Perhaps the most unusual quality of Blunden's war poetry is that he acknowledged that even amidst the senseless slaughter there could be, and were, moments of contrasting beauty. Most of his work revolves around the countryside of England and while serving in the Royal Sussex Regiment at twenty years old it was in May 1915 when he made his way to the trenches at Festubert. A village in northern France, the ground was marshy preventing the digging of deep trenches so a series of grouse butts (islands) were built above ground but since they were constructed of sandbags the security they gave was dismal at best. The pollard s he refers to in the second stanza were trees cut back for the purposes of allowing renewed growth, but here it was the work of artillery. Festubert was destroyed in a fierce battle between Germans and an allied force of British, Canadians and Indians. The Festubert attack was launched by Sir Douglas Haig on the evening of May 15th. They made rapid progress initially forcing the German Sixth Army to retreat to lines just in front of the village. The attack continued for twelve days with the British having suffered some 16,000 casualties.
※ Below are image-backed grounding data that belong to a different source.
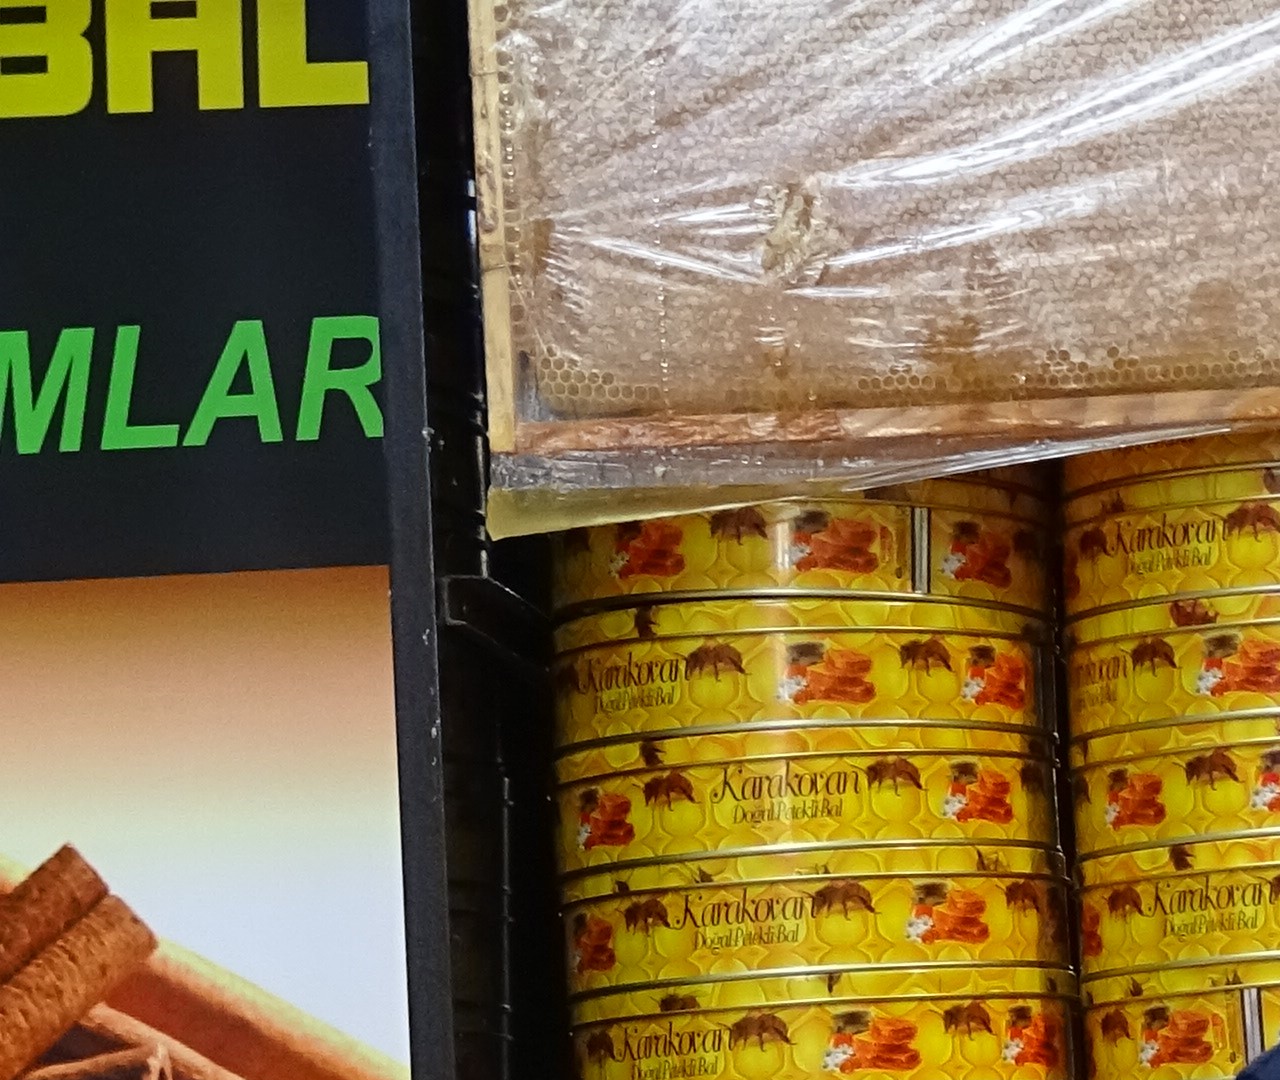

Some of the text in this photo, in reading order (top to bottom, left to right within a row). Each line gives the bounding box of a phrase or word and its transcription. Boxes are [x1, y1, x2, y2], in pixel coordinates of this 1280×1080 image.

[0, 0, 370, 118] BAL
[709, 760, 861, 804] Karakovan
[820, 798, 843, 818] Bal
[669, 887, 817, 930] Karakovan
[1140, 875, 1276, 918] Karakovan
[776, 923, 800, 943] Bal
[612, 1021, 734, 1063] Karakovan
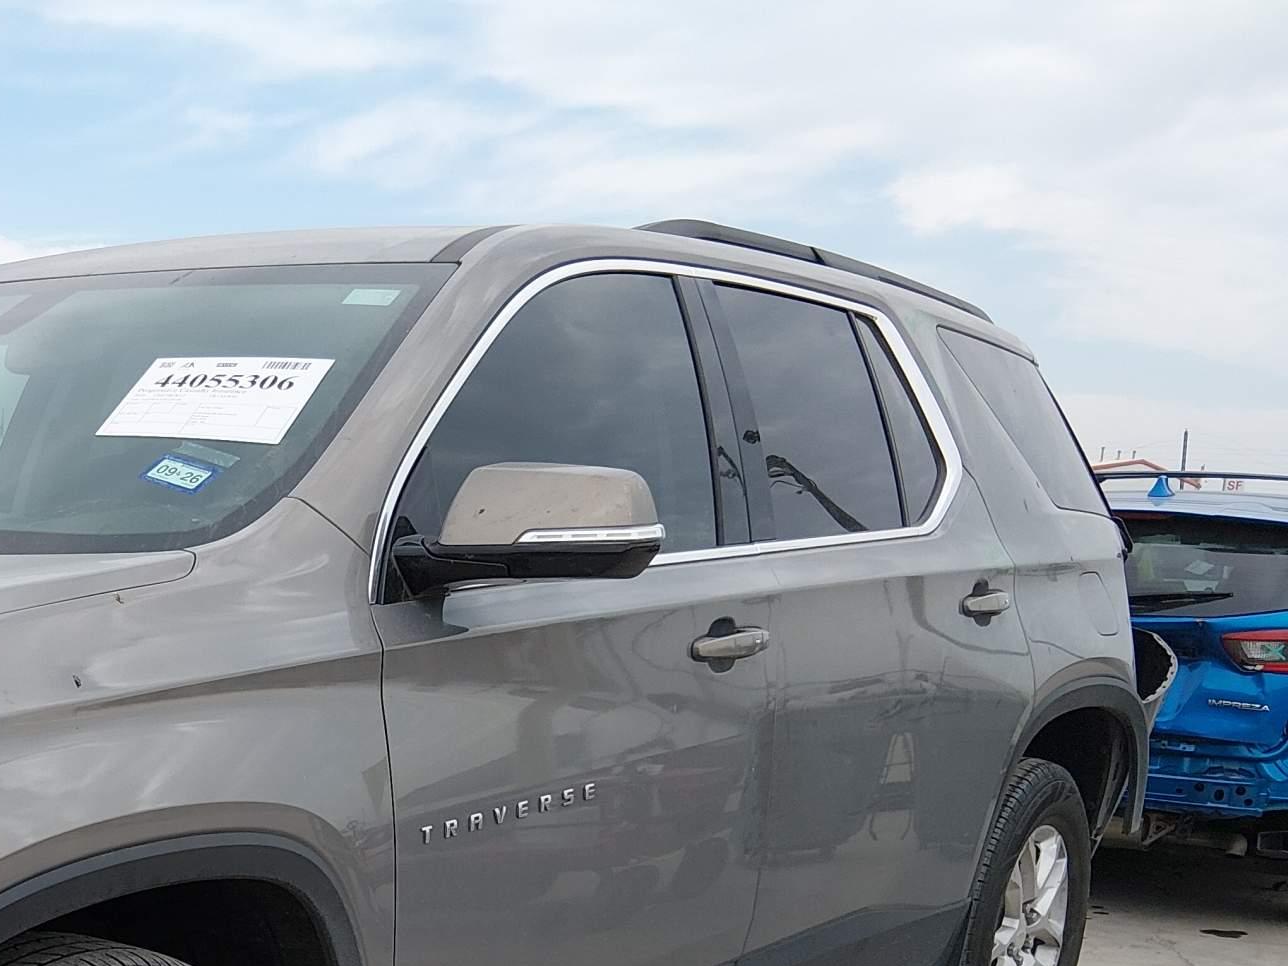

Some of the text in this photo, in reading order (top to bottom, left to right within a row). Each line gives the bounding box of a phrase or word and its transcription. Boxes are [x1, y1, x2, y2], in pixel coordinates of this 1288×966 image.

[155, 373, 300, 391] 44055306
[156, 464, 203, 484] 09 26
[1208, 699, 1270, 712] IMPREZA
[420, 783, 597, 844] TRAVERSE
In due time the battalion moved south to Givenchy and Cuinchy on the La Bassee Canal.
. . . not trenches but breast work
sandbagged up and divided into Islands 8 men on each there being 16 of these
Islands.
We had to take two days rations in with us, which proved fatal for us, for Mr.
Rat invited Mrs. Rat and all their little ones, to a nice feed and after they had finished
their first meal, there was not much for us, so we had to go hungry next day, but the
bit of cheese they did leave proved fatal for them, for we used it as bait on the end
of our bayonets, then they would go for the cheese, and we just pulled the trigger and
Mr. Rat was dead.
We left here on the 1st Dec. for Givenchy. We went in the trenches
there on the 3rd December about 5 pm, and the following morning the Germans blew
up a mine right under our sap (dug-out), making all our platoon casualties except four
of us, who had rolled in the mud which was about two foot deep, leaving us like mud
men. We had to smile when we saw each other covered in mud, and looking round
towards the German trench, what should meet our eye but a nice-sized German
standing with his arms folded and his hair as black as jet parted in the middle. There
he was laughing at us.
So Capt. Woodhouse says, `Porter, can you throw a bomb?'
I said, `Yes, Sir.'
So he said, `Put these in your mitt', at the same time giving me a few
Mills no. 5, and taking a few himself led the way down towards the sap, me following
close behind him.
He said, `Let's see if we cannot move that square faced creature up
there', meaning of course the German.
You might say what about your rifles but that
was out of the question for our rifles were as bad as we were, covered with mud. So
we threw out bombs and made the Boche move his standings, only to come back with
a bomb and throw it at Capt. Woodhouse, and would have blown him to bits but I
called him away just as it exploded. So we went back for some more bombs and this
time we moved him and he never came back again. So we returned to our trench
victorious.
Time rolled on that day and I was called as orderly to an Officer, so the first
thing I had to (do) was to show this officer up to the front line, where we had had the exciting time early in the morning. It would now be about 6 pm. When I was leading
him up the trench, I came across a working party of R.E.'s and when I caught up to
the rear man of this party he calmly turned round, loaded his rifle and would have fired
at my Officer, but I was in time. I caught hold of the rifle and took it from him, but he
turned round and got hold of another and loaded it and pointed to the Officer again
and I stopped him again and asked him what he was doing. He said that the corporal
behind me had been nagging at them all the way up the trench but when I told him
it was my officer he apologised to the Officer saying that he thought it was the
Corporal.
That night we spent running up and down these trenches full of water and
mud and dead men, and parts of dead men, legs and arms floating about the water,
which had been caused by the mine early in the previous morning . . . At 10.30 am
we were relieved by the 9th Royal Fusiliers. We went back to the village of Givenchy
where we had our Christmas dinner, corned beef stew and plum pudding, which ran
out at one teaspoonful per man, there being one basin of pudding for thirty men.
What
hopes! Tommy in the firing line gets his plum pudding. Anyway we was all very pleased
to be out of those trenches, if only for a few hours.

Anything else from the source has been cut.